PHP manual viewers

The PHP documentation is really good. It covers almost all parts of the language and is filled with examples that help you grasp a function's meaning and usage really fast. And since PHP is a grown language, it's function naming and parameter order are often confusing - requiring you to look up the manual more often.

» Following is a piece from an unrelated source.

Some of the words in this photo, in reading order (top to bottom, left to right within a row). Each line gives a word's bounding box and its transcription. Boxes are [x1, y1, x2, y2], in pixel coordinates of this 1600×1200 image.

Last week, Bruno Skvorc told you to use as documentation viewer. This might work well if you're online all day and don't care about traffic, but there are better ways to access the PHP documentation.

pman - PHP manual pages

pman showing array_shift PHP's documentation is available as unix man pages! This is every awesome if you use a console-based editor like emacs or vim, because you can easily show them in an editor window.

Installation is easy:

$ pear install

Now you can access man pages with the pman command:

$ pman array_shift

Emacs integration is trivial; I have mapped the F1 key to open the manual page for the word under the cursor:

(setq manual-program "pman")
(global-set-key [(f1)] (lambda () (interactive) (manual-entry (current-word))))


Integration in vim is also easy:

" Use pman for manual pages
setlocal keywordprg=pman

Pressing Shift + k opens pman with the word at the cursor.

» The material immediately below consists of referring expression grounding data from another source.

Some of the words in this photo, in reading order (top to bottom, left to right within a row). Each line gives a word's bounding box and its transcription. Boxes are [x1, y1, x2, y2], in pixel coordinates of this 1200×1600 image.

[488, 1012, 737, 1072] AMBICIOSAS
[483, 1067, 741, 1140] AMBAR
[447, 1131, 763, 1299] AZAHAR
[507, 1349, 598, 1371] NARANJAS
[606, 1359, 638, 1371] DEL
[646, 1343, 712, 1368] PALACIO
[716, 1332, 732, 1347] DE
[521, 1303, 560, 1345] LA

xCHM showing array_shift The full PHP manual is available as CHM files. CHM is the former Windows HTML help file format and gives you a navigatable table-of-contents tree, a keyword index and full text search - all in one single file.

PHP CHM files are available with and without user notes.

Several CHM viewers exist for Linux: xCHM, Kchmviewer and chmsee.

I like xCHM most since it's small, fast and stable.


Zeal showing array_shift Zeal stands out because it does not only display offline PHP documentation, but also has support for more than a hundred other documentation packages: CSS, HTML, JavaScript, jQuery, Python, ...

It unifies them in a single contents tree and has a searchable index of all methods/functions/classes/constants.

Zeal is an open source clone of the MacOSX application Dash, whose documentation sets it supports.